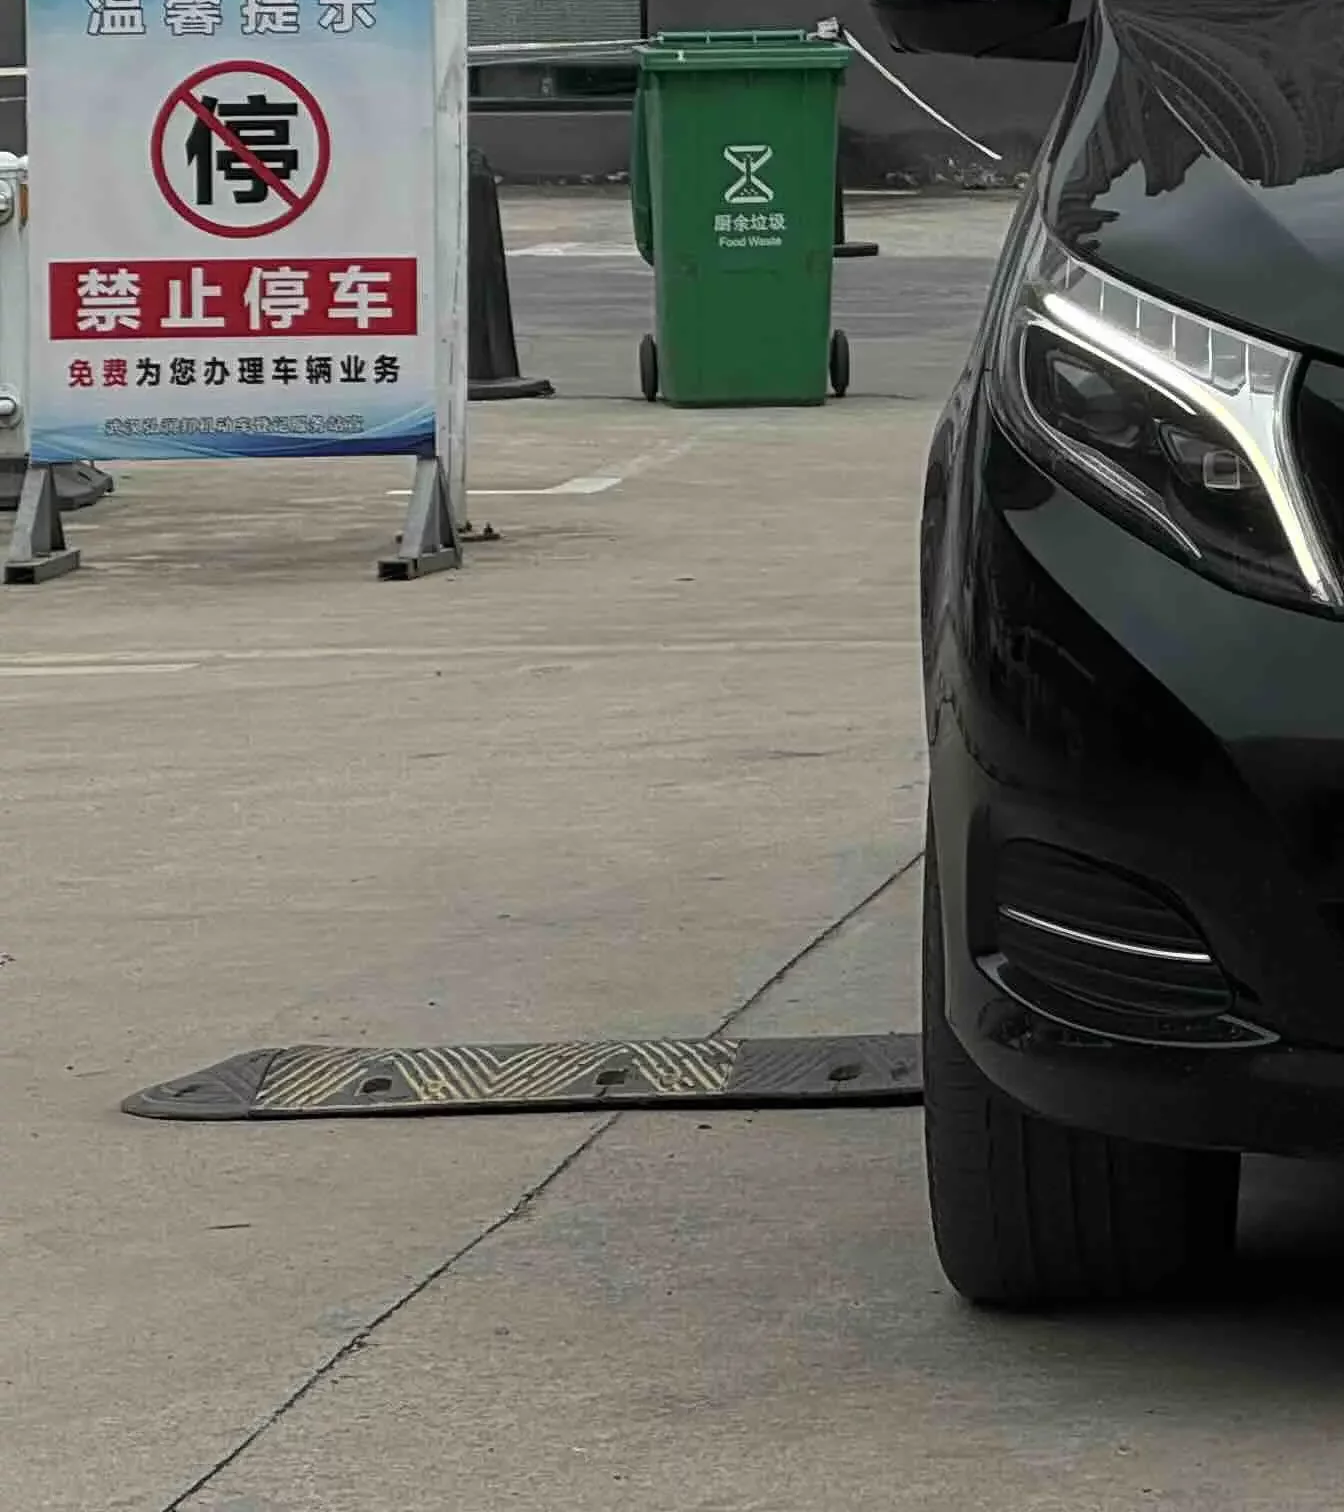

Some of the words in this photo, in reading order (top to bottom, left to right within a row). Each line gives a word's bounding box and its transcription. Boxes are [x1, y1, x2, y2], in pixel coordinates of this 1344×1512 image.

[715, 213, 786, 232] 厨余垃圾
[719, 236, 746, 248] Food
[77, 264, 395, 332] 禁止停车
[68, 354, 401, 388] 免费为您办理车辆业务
++++++
> [THE TASK]: Retype the listing exactly. Pictures do not belong in the copy.

> [SOLUTION FOR THIS PROBLEM]:
Some of the words in this photo, in reading order (top to bottom, left to right within a row). Each line gives a word's bounding box and its transcription. Boxes are [x1, y1, x2, y2], in pixel coordinates of this 1344×1512 image.

[715, 213, 786, 232] 厨余垃圾
[719, 236, 746, 248] Food
[77, 264, 395, 332] 禁止停车
[68, 354, 401, 388] 免费为您办理车辆业务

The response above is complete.